Melody’s undiagnosed condition causing the severe bleeds requires regular blood transfusions, and she also suffers from Rett syndrome, which affects the development of the brain and causes severe physical and mental disability.
She is barely able to speak, so her mum relies on her knowledge and experience of her daughter’s conditions to know how to care for her.
Her illness also causes Melody to suffer from epilepsy, hyperventilation and acid reflux, and as her small intestine does not function properly, she cannot eat and has to be fed by an IV line, as well as using a colostomy bag.
Although a mixture of ketamine and morphine is an extreme measure for such a young person, her mum said it has helped improve her quality of life.
Karina said: “I shouldn’t have to see fresh blood coming out of my baby girl’s body.

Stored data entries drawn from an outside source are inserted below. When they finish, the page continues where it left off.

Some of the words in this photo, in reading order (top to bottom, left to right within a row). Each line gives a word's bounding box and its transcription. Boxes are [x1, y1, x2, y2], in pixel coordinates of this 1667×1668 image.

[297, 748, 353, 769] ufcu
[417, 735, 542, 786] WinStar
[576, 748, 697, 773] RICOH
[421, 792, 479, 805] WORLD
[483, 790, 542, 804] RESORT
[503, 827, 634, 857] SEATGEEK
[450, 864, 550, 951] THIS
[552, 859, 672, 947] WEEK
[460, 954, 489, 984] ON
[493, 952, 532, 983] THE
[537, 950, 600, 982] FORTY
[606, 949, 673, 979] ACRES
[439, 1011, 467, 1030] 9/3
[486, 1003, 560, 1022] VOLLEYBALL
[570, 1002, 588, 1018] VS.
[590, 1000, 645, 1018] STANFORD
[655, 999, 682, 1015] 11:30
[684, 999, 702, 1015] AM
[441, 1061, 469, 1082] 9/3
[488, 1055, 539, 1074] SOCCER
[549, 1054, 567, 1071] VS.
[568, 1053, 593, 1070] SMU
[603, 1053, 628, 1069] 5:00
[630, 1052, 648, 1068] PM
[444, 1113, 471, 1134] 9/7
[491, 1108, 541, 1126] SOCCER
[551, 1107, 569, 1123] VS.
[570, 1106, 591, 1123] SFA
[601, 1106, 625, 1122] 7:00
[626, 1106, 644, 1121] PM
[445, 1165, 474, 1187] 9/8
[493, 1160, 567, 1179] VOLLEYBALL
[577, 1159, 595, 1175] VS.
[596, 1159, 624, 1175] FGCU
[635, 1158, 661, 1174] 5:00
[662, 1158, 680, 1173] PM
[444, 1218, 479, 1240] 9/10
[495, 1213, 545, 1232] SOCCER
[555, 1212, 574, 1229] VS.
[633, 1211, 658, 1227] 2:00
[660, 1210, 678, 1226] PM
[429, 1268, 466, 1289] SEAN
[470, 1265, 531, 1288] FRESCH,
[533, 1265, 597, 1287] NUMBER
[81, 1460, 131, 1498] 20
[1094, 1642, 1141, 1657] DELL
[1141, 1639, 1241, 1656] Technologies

“It’s impossible to explain what this does to a mother.
“Every new drug that she is put on breaks my heart a little bit more.
“I feel like I’m on a countdown with her.
“I can’t get over the fact that, day in, day out, I have to watch my little girl slowly dying in front of my eyes.
“So I try to concentrate on seeing a positive – the quality of life that these drugs actually give her.
“Before she was put on her PCA pump, a pump connected to an IV line that delivers a small but constant flow of pain relief, Melody was constantly in pain, to the extent that she didn’t want to even sit up because she couldn’t handle it.
“Her eyes were always swollen closed, she was always covered in bruises, as a result of internal bleeding.
“She couldn’t even sit up before but now she is happy.
“Some days if you looked at her you wouldn’t even know she had all these things wrong with her.
“What scares me is that if she had been taken away from me, she would have given up on life.
“She’s so family-orientated.
“She can’t generally talk but she turned around the other day and said to Nigel ‘I love you’.”
A spokesman for Shooting Star Chase said the hospice currently cares for 700 families across London and Surrey who have a child with a life-limiting condition and that they regularly meet with professionals to ensure they have a full understanding of a child’s needs.
He added: “Our qualified nurses and carers work to a professional code of conduct and have an obligation to raise any issues in order to resolve them in the best interest of the child.
“We have been in communication with the Driscoll family to explain our processes in line with regulatory obligations, and are happy to continue that communication should the family wish to do so.”